• _YOUR OBJECTIVE_
Verbatim transcription of the listing is needed.

• _DATA SUPPLIED_
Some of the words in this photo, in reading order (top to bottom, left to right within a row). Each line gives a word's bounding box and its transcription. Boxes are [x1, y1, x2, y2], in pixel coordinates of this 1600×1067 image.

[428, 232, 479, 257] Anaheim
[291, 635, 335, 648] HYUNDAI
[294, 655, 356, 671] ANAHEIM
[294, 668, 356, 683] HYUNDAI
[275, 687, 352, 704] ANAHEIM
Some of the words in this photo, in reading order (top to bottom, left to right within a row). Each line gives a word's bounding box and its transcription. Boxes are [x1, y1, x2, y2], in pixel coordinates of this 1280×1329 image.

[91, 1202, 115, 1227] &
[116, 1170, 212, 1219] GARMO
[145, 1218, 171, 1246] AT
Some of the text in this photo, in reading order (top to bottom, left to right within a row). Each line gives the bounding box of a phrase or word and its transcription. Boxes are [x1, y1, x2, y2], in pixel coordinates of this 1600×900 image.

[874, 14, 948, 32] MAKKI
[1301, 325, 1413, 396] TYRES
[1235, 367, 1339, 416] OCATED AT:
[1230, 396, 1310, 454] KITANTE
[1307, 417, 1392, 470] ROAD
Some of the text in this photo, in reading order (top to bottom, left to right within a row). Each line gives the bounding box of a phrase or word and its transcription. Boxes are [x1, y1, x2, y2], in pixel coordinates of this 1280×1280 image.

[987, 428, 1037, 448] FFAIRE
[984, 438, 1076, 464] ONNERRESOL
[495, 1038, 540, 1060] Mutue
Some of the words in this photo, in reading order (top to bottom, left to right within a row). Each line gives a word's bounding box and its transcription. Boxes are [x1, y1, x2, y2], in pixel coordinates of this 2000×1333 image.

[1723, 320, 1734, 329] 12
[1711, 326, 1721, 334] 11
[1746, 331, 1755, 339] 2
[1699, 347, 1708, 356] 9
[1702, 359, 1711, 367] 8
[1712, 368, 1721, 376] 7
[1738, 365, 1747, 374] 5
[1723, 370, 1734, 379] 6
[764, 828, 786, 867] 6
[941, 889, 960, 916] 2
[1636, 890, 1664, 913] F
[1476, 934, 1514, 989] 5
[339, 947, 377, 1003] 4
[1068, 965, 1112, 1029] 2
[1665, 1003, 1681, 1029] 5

• _EXPECTED ANSWER_
Some of the words in this photo, in reading order (top to bottom, left to right within a row). Each line gives a word's bounding box and its transcription. Boxes are [x1, y1, x2, y2], in pixel coordinates of this 1600×1067 image.

[428, 232, 479, 257] Anaheim
[291, 635, 335, 648] HYUNDAI
[294, 655, 356, 671] ANAHEIM
[294, 668, 356, 683] HYUNDAI
[275, 687, 352, 704] ANAHEIM
Some of the words in this photo, in reading order (top to bottom, left to right within a row). Each line gives a word's bounding box and its transcription. Boxes are [x1, y1, x2, y2], in pixel coordinates of this 1280×1329 image.

[91, 1202, 115, 1227] &
[116, 1170, 212, 1219] GARMO
[145, 1218, 171, 1246] AT
Some of the text in this photo, in reading order (top to bottom, left to right within a row). Each line gives the bounding box of a phrase or word and its transcription. Boxes are [x1, y1, x2, y2], in pixel coordinates of this 1600×900 image.

[874, 14, 948, 32] MAKKI
[1301, 325, 1413, 396] TYRES
[1235, 367, 1339, 416] OCATED AT:
[1230, 396, 1310, 454] KITANTE
[1307, 417, 1392, 470] ROAD
Some of the text in this photo, in reading order (top to bottom, left to right within a row). Each line gives the bounding box of a phrase or word and its transcription. Boxes are [x1, y1, x2, y2], in pixel coordinates of this 1280×1280 image.

[987, 428, 1037, 448] FFAIRE
[984, 438, 1076, 464] ONNERRESOL
[495, 1038, 540, 1060] Mutue
Some of the words in this photo, in reading order (top to bottom, left to right within a row). Each line gives a word's bounding box and its transcription. Boxes are [x1, y1, x2, y2], in pixel coordinates of this 2000×1333 image.

[1723, 320, 1734, 329] 12
[1711, 326, 1721, 334] 11
[1746, 331, 1755, 339] 2
[1699, 347, 1708, 356] 9
[1702, 359, 1711, 367] 8
[1712, 368, 1721, 376] 7
[1738, 365, 1747, 374] 5
[1723, 370, 1734, 379] 6
[764, 828, 786, 867] 6
[941, 889, 960, 916] 2
[1636, 890, 1664, 913] F
[1476, 934, 1514, 989] 5
[339, 947, 377, 1003] 4
[1068, 965, 1112, 1029] 2
[1665, 1003, 1681, 1029] 5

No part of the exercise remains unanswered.